"Kalian berdua sebenarnya ributin apa sih? Naresh jawab Papah!"
Naresh hanya menunduk dan tak menjawab pertanyaan yang dilontarkan oleh Jung Sejin ayah kandungnya. Kini mata sang ayah pun beralih kepada Kenzie. "Kenzie kamu saja yang jelaskan, sebenarnya ada apa ini?"
"Jadi begini Pah, sebenarnya Naresh pergi dengan Elea kemarin, tetapi ternyata Naresh malah membiarkan Elea pergi begitu saja dan dia memilih bersama Shaera ... Papah tahu kan kalau Om Ian kemarin begitu panik mencari Elea."
Jung Sejin mengangguk, lalu kembali menatap Naresh. "Sebenarnya mau kamu tuh apa sih, Resh?

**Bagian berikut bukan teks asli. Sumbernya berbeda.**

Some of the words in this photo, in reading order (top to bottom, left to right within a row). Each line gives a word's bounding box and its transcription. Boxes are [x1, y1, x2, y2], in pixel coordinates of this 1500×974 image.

Kamu terus menerus Gonta ganti pasangan enggak jelas! Apa kamu mau mengikuti jejak ibumu?"
Naresh mendongak saat sang ayah menyinggung ibunya, dan tak diduga dia berani menyahut dengan suara yang lantang. "Cukup! Papa enggak berhak ngatain Mama! Bagaimana pun Mama itu ibu kandung Naresh!"
"Naresh!" Jung Sejin mengangkat tangannya ke udara. Tangannya begitu bergetar karena sebisa mungkin dia menahan diri untuk tak menampar Naresh.

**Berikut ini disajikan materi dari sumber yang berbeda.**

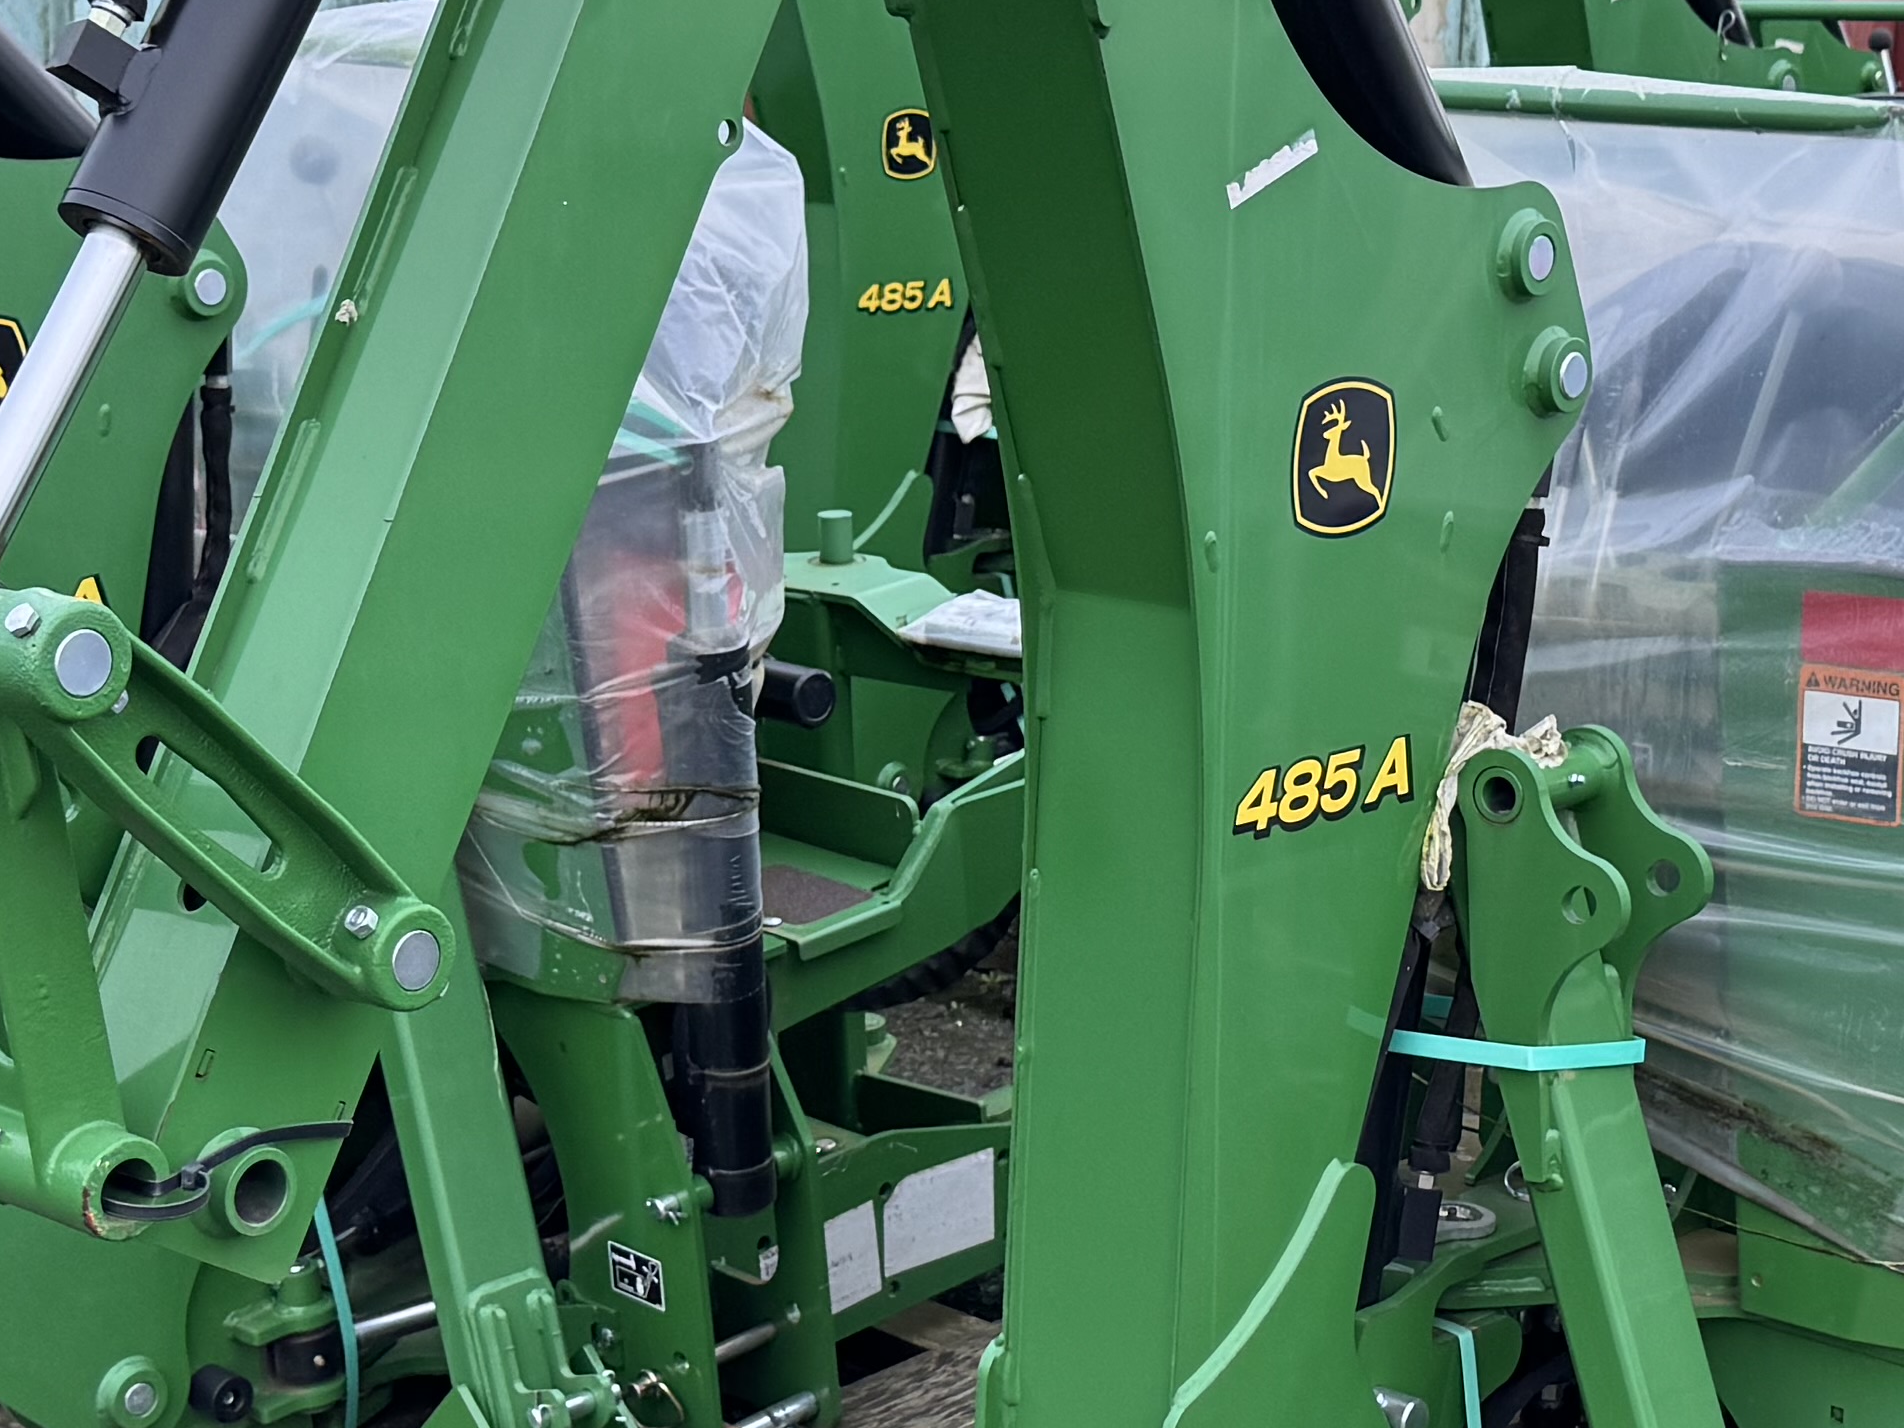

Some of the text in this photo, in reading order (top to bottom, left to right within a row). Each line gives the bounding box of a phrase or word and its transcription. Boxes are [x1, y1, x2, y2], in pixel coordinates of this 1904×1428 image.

[858, 277, 953, 313] 485 A
[1823, 674, 1900, 697] WARNING
[1234, 735, 1412, 836] 485 A

"Ayo tampar Naresh Pah! Tampar aja!"
Kenzie merasa tak bisa tinggal diam. Dia mencoba menengahi keduanya karena bagaimana pun Kenzie tak suka melihat keduanya bertengkar. Dia tak ingin kondisi ibunya yang sedang sakit akan semakin drop karena pertengkaran ini. "Naresh, Papah aku mohon tenang. Jangan bertengkar lagi, aku tak mau Mamah mendengar pertengkaran ini."
Naresh menepis tangan Kenzie. "Ini semua tuh salah lo Ken!"
Kenzie melongo tak mengerti. "Gue salah apa Resh?"
"Lo harusnya jujur suka sama Elea. Bukan jadi pengecut yang terus menerus menyembunyikan perasaan!"
"Lo harusnya enggak maksain gue buat jadian sama Elea! Yang hati gue suka tuh cuma Shaera!"
"Lo pengecut!" umpat Naresh.
Kenzie mencoba tak terpancing emosi walaupun sesungguhnya tangannya udah mengepal dan hendak meninju Naresh. Kenzie mencoba meredam semua emosi, dan memilih berbalik pergi.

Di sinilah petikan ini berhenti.